You know, right and wrong, good and bad, left and right, up and down, inside and out, yes and no, true and false. Perhaps even, lost and found.

What strikes me about all of these absolutes is how little relevance they end up having in life. Well, ok, maybe when you are driving, the concept of left and right is fairly fundamental.

But, I do recall, as I followed the tangential arc of learning, how many things learned as a child had to be unlearned, as I discovered that things “don’t work quite like that”. The mind boggling transition from Newtonian physics where everything is grounded by an apple tree to the insane world of quantum mechanics and the trials and tribulations of Schrödinger’s poor mistreated cat.

The point I am (not) making is that as child we often see things in this absolute sense and it is only later, as life happens to us, that we begin to see the ambiguity of our world in all its glory, and sometimes, its horror.

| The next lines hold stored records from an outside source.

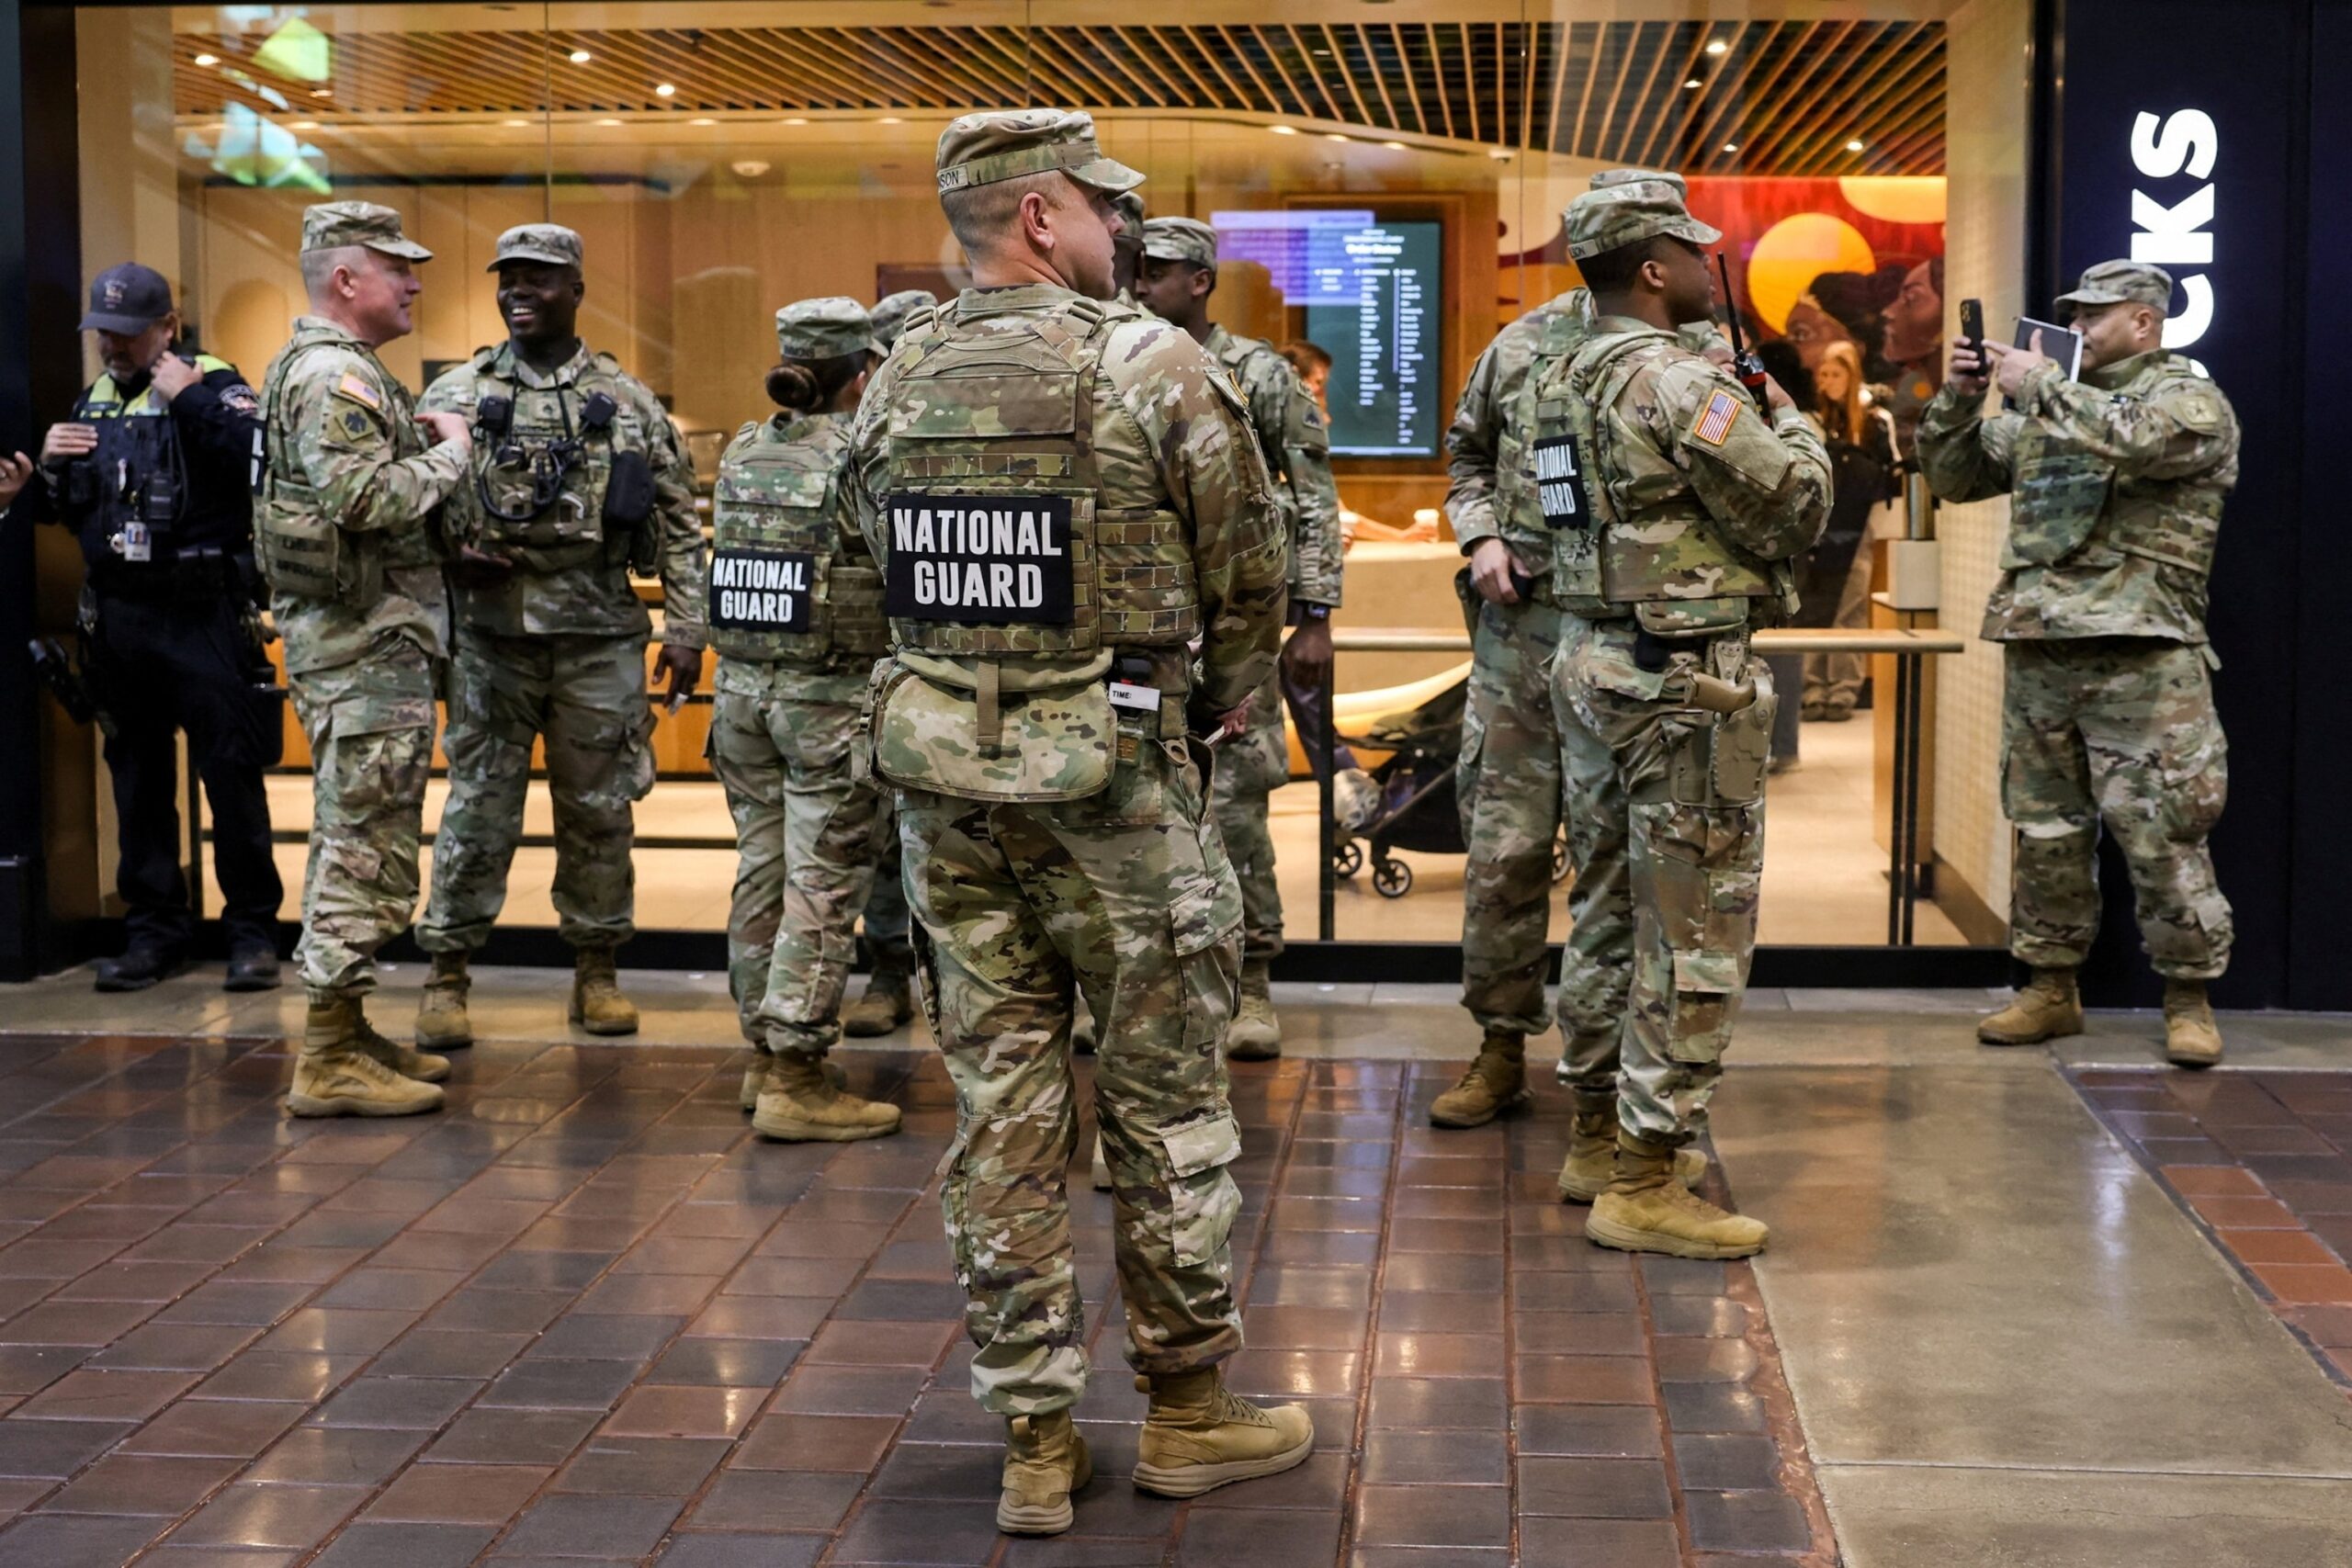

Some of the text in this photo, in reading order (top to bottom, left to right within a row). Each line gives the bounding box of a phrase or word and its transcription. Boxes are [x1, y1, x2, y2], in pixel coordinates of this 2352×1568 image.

[2130, 107, 2218, 378] CKS
[893, 508, 1062, 557] NATIONAL
[712, 557, 807, 592] NATIONAL
[913, 560, 1044, 608] GUARD
[720, 589, 793, 623] GUARD
[1112, 690, 1132, 699] TIME:

And then the places that shaped us, that seemed like rocks, foundations, safe havens, gradually slip away. My sister texted me today to tell me she was standing outside my former Hall of Residence at University in London. Or, more correctly, she was standing next to a hole in the ground where it used to be. A similar fate met my boyhood school some years back. My foundations not just crumbling, but demolished and replaced. And in their place, in years to come, someone else’s foundations will take their place.

What a race.

And, so far, I am digressing. Filling space on the white screen in front of me as I build up to write about what I really want to write about. Or, perhaps, what I don’t want to write about at all. But will. And, in doing so, learn and move on.

I intend to write about my father.

About what happened to him. Or what he “happened”. And about the consequences. The final end to the right and wrong phase. The time that Schrödinger’s cat finally bit deep into Newton’s apple.

A story which involves a tennis court, a phone call, a student sitting on the kerb, an elephant slide, a drive through the country.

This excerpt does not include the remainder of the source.